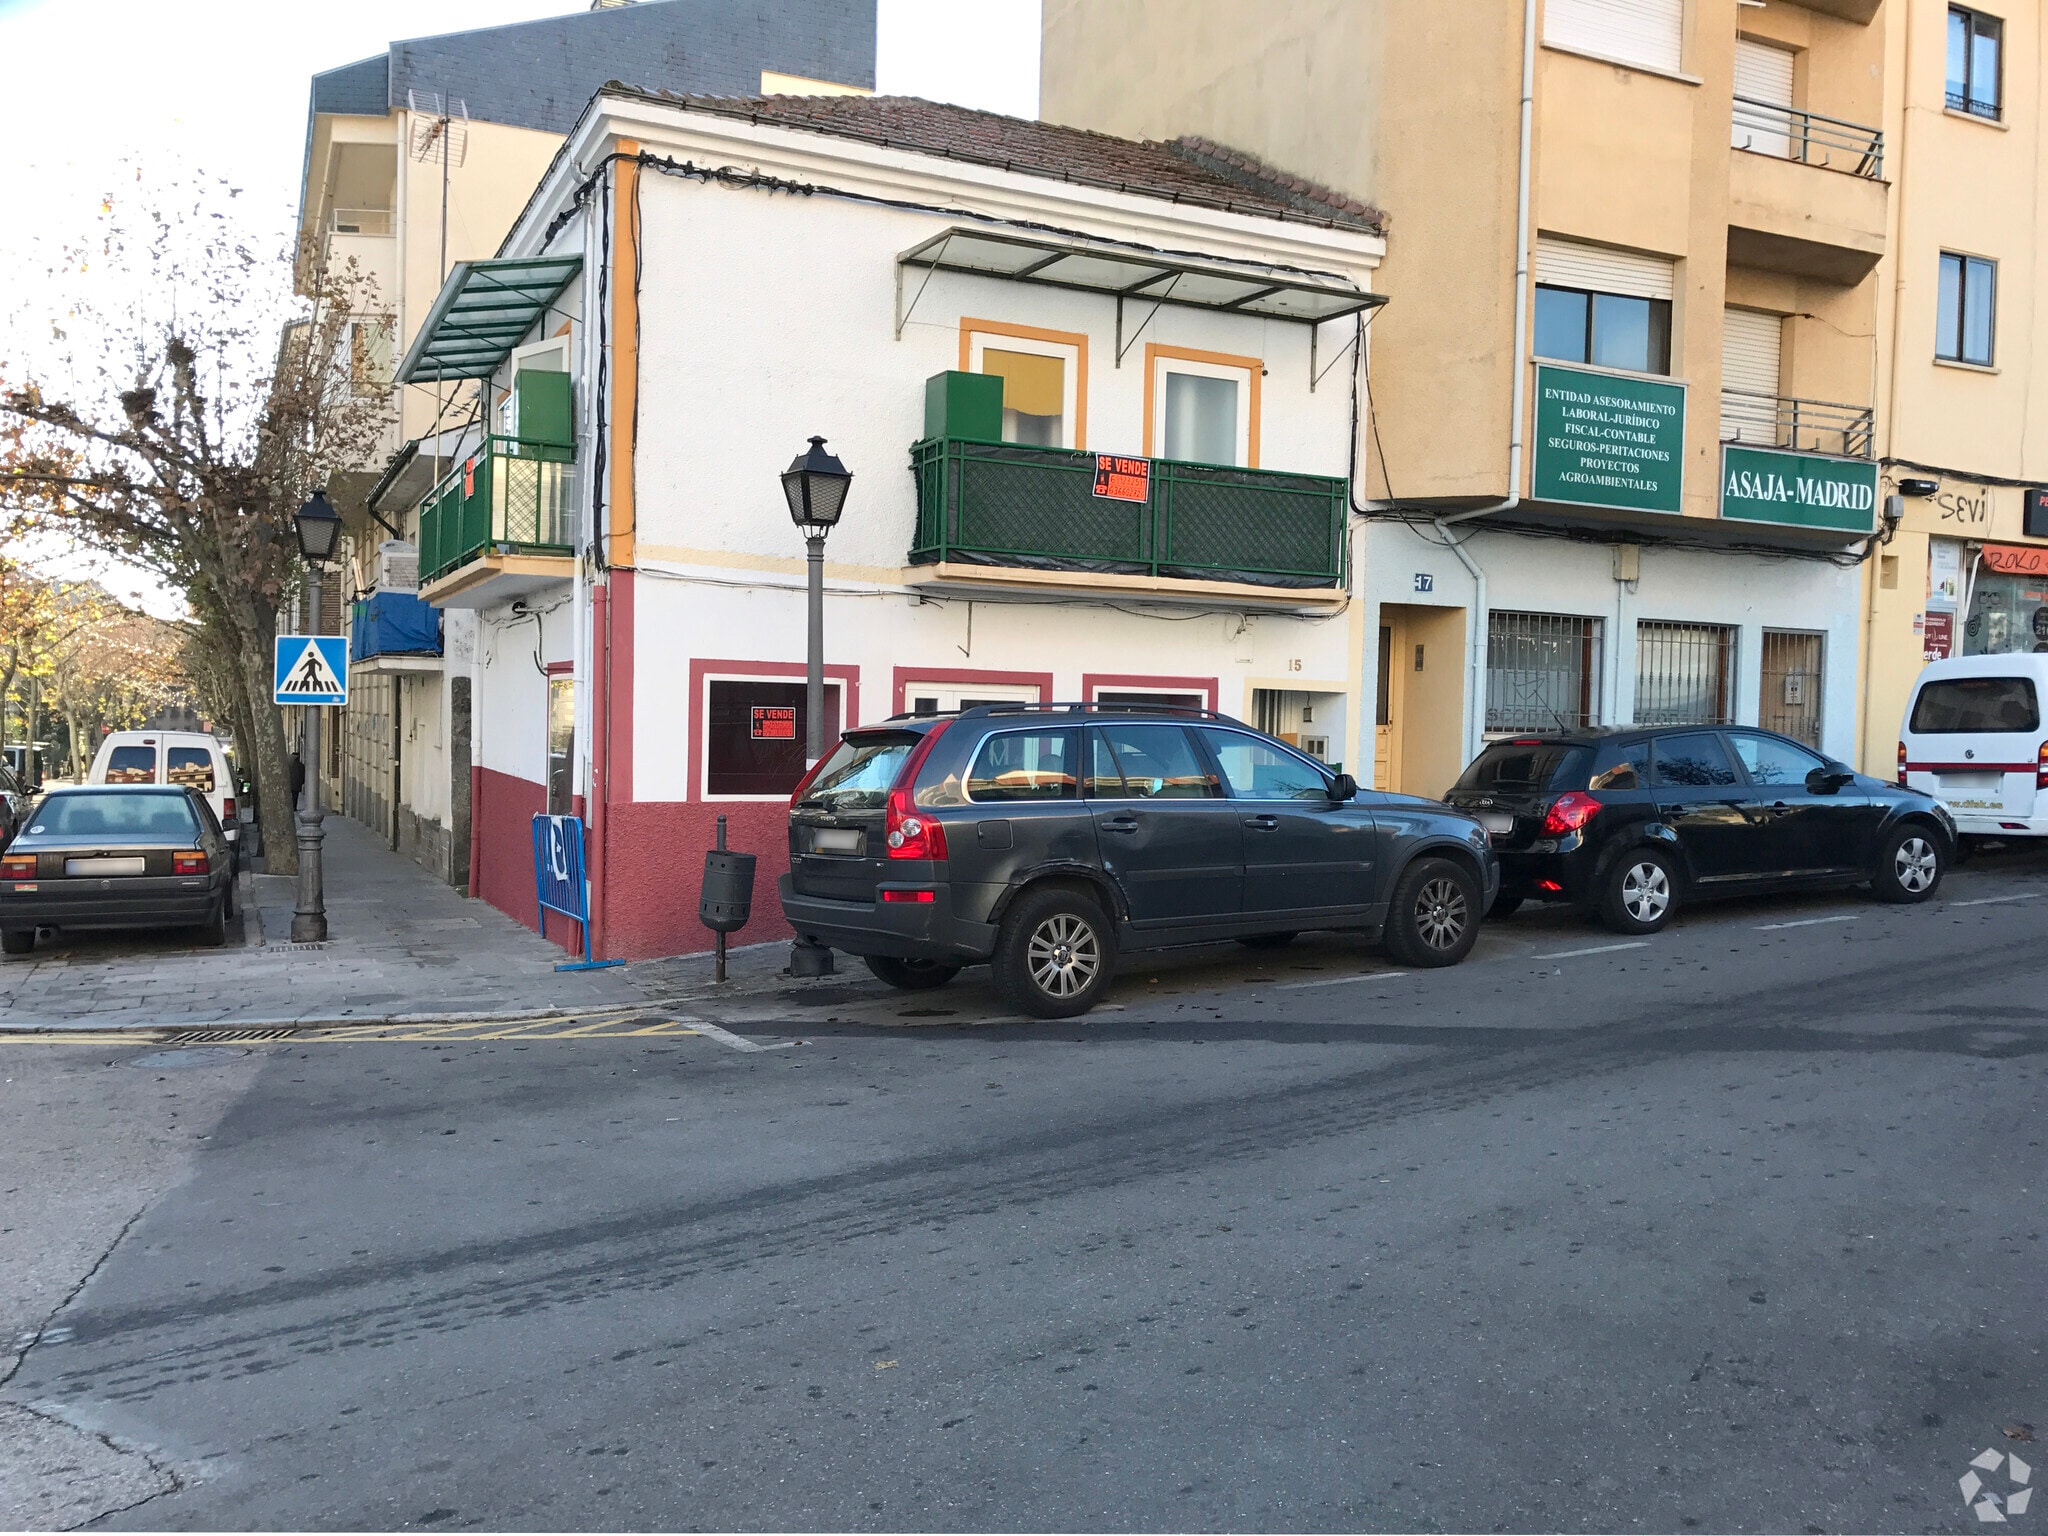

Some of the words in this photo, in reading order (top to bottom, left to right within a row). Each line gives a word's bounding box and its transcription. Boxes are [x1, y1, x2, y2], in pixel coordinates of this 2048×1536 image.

[1545, 388, 1591, 404] ENTIDAD
[1593, 395, 1676, 416] ASESORAMIENTO
[1562, 406, 1660, 429] LABORAL-JURÍDICO
[1565, 423, 1656, 444] FISCAL-CONTABLE
[1548, 437, 1670, 462] SEGUROS-PERITACIONES
[1099, 456, 1111, 470] SE
[1115, 458, 1147, 475] VENDE
[1580, 457, 1640, 474] PROYECTOS
[1559, 471, 1658, 491] AGROAMBIENTALES
[1416, 575, 1432, 590] 17
[1923, 647, 1942, 661] erde
[1288, 659, 1302, 672] 15
[754, 710, 764, 719] SE
[767, 709, 794, 720] VENDE
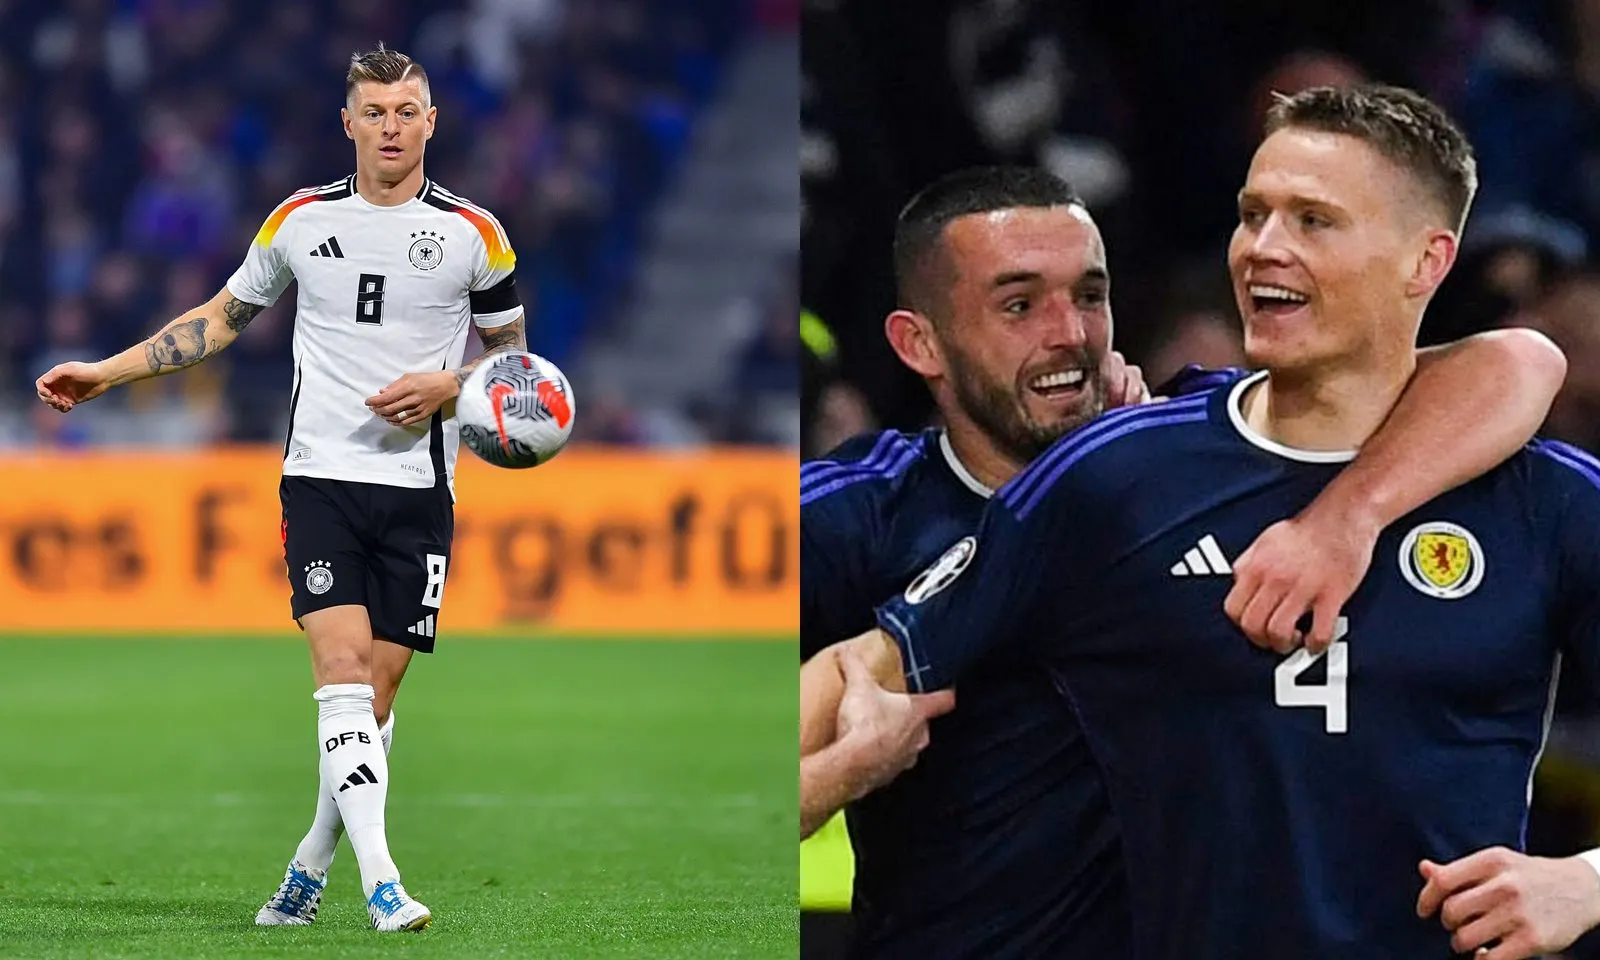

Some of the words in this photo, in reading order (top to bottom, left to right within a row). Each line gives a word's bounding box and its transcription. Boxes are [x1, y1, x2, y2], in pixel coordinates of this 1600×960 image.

[356, 273, 386, 326] 8
[0, 514, 148, 592] es
[421, 553, 447, 609] 8
[1274, 616, 1348, 733] 4
[325, 731, 371, 753] DFB
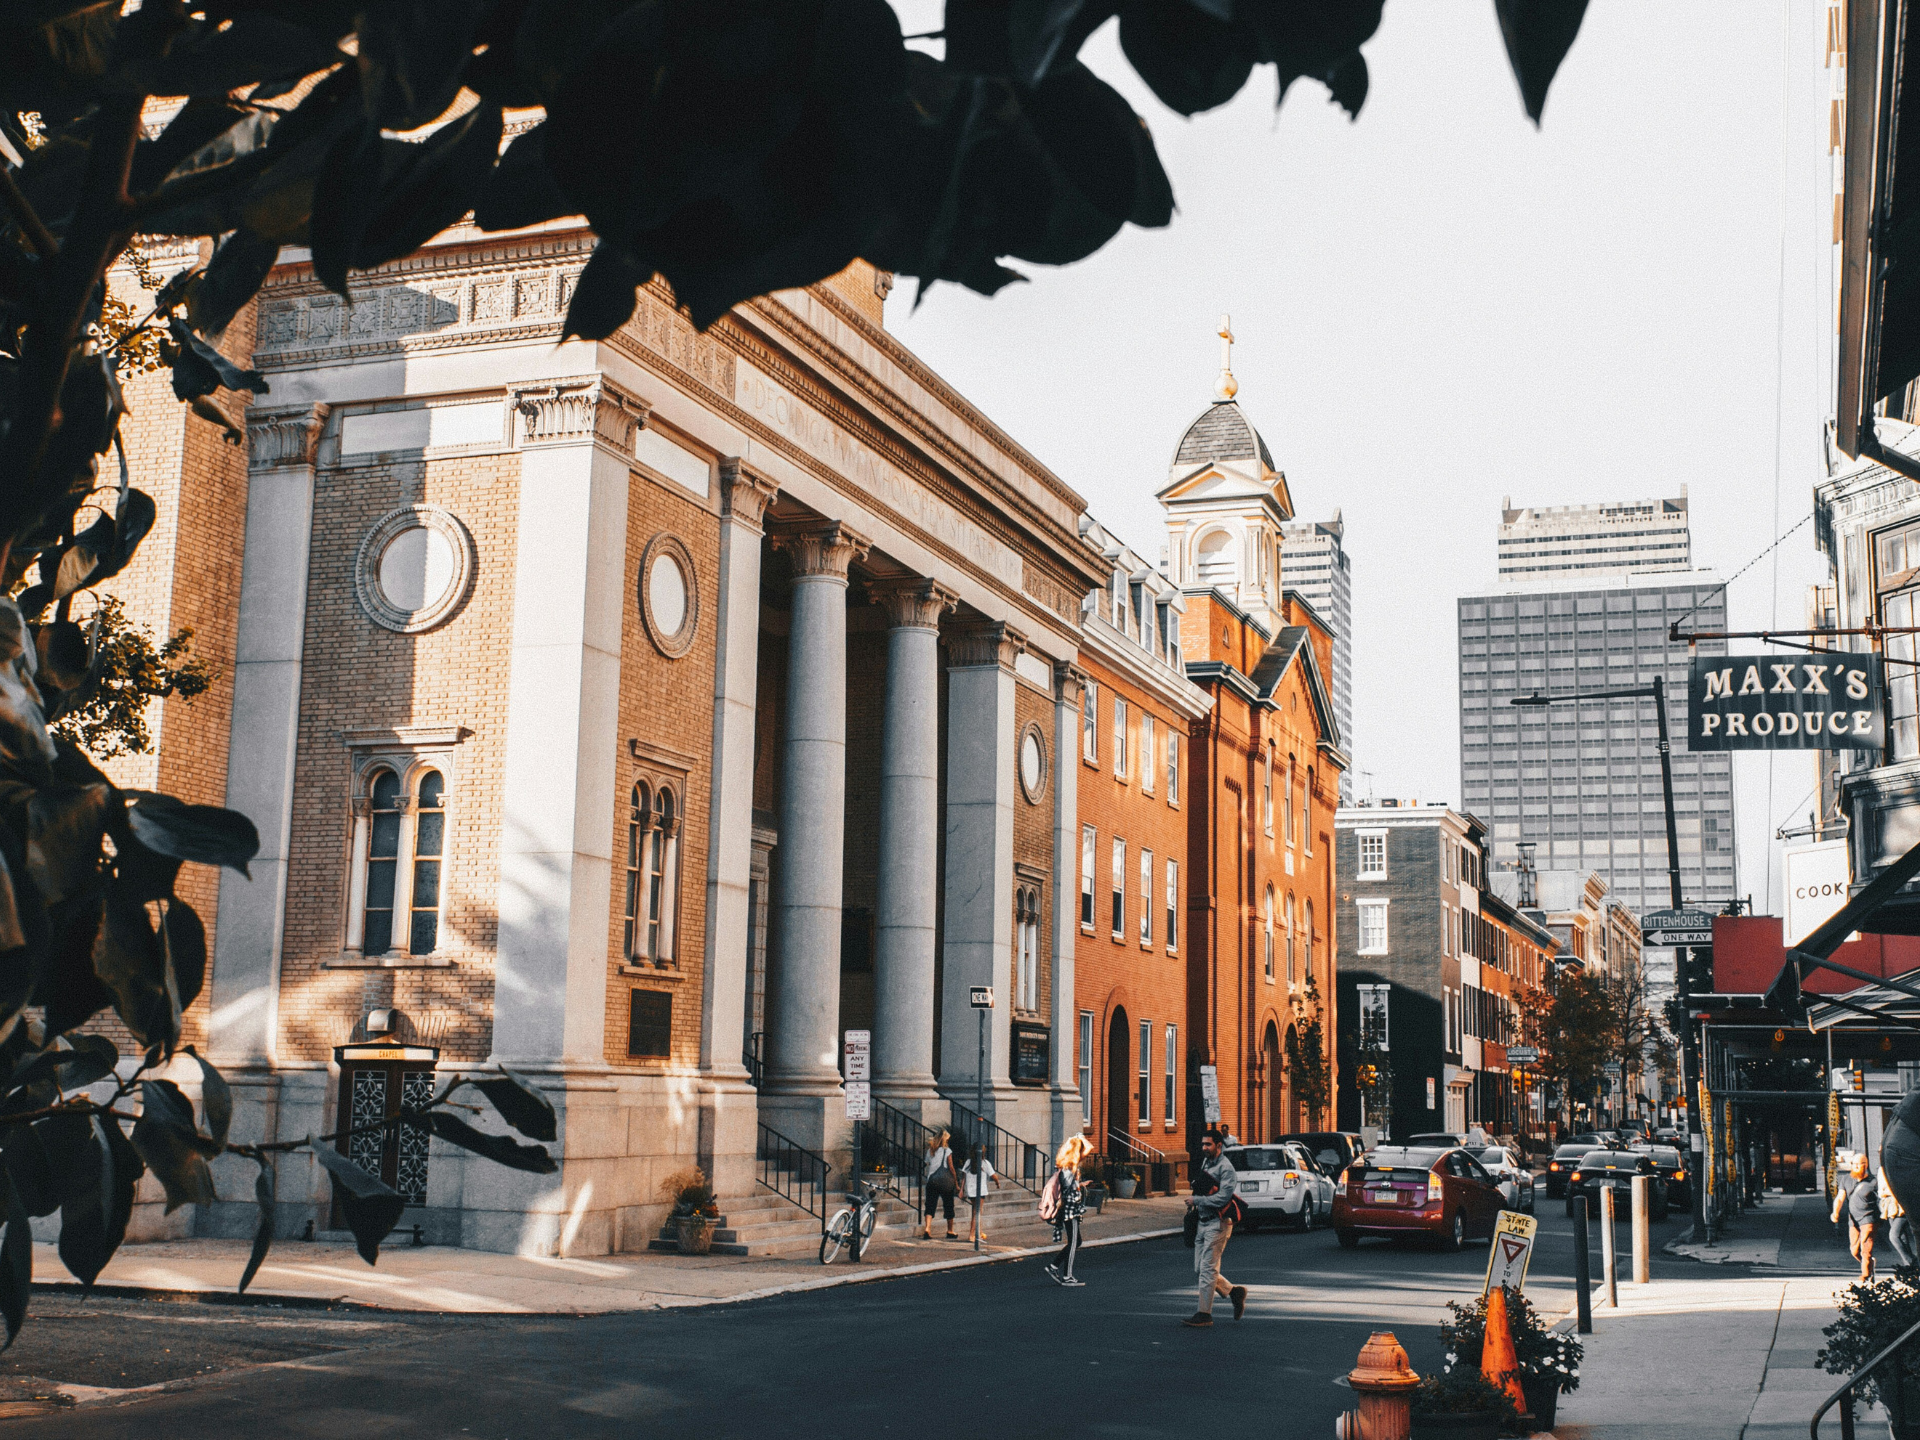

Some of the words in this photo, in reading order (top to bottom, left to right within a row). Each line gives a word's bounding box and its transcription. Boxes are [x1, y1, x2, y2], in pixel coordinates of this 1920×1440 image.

[1703, 664, 1868, 702] MAXX'S
[1701, 711, 1873, 736] PRODUCE
[1796, 882, 1843, 899] COOK
[1643, 915, 1705, 928] RITTENHOUSE
[1663, 933, 1684, 941] ONE
[1687, 933, 1708, 941] WAY
[378, 1050, 398, 1058] CHAPEL
[1506, 1215, 1530, 1227] STATE
[1508, 1225, 1525, 1234] LAW
* * * * *
▶ _Exercise goal_
Copy the records word for word, leaving no picture in the copy.

▶ _Final answer_
Some of the words in this photo, in reading order (top to bottom, left to right within a row). Each line gives a word's bounding box and its transcription. Boxes are [x1, y1, x2, y2], in pixel coordinates of this 2048×1536 image.

[1545, 388, 1591, 404] ENTIDAD
[1593, 395, 1676, 416] ASESORAMIENTO
[1562, 406, 1660, 429] LABORAL-JURÍDICO
[1565, 423, 1656, 444] FISCAL-CONTABLE
[1548, 437, 1670, 462] SEGUROS-PERITACIONES
[1099, 456, 1111, 470] SE
[1115, 458, 1147, 475] VENDE
[1580, 457, 1640, 474] PROYECTOS
[1559, 471, 1658, 491] AGROAMBIENTALES
[1416, 575, 1432, 590] 17
[1923, 647, 1942, 661] erde
[1288, 659, 1302, 672] 15
[754, 710, 764, 719] SE
[767, 709, 794, 720] VENDE

Some of the words in this photo, in reading order (top to bottom, left to right within a row). Each line gives a word's bounding box and its transcription. Boxes are [x1, y1, x2, y2], in pixel coordinates of this 1600×960 image.

[356, 273, 386, 326] 8
[0, 514, 148, 592] es
[421, 553, 447, 609] 8
[1274, 616, 1348, 733] 4
[325, 731, 371, 753] DFB

Some of the words in this photo, in reading order (top to bottom, left to right within a row). Each line gives a word's bounding box and its transcription. Boxes are [x1, y1, x2, y2], in pixel coordinates of this 1920×1440 image.

[1703, 664, 1868, 702] MAXX'S
[1701, 711, 1873, 736] PRODUCE
[1796, 882, 1843, 899] COOK
[1643, 915, 1705, 928] RITTENHOUSE
[1663, 933, 1684, 941] ONE
[1687, 933, 1708, 941] WAY
[378, 1050, 398, 1058] CHAPEL
[1506, 1215, 1530, 1227] STATE
[1508, 1225, 1525, 1234] LAW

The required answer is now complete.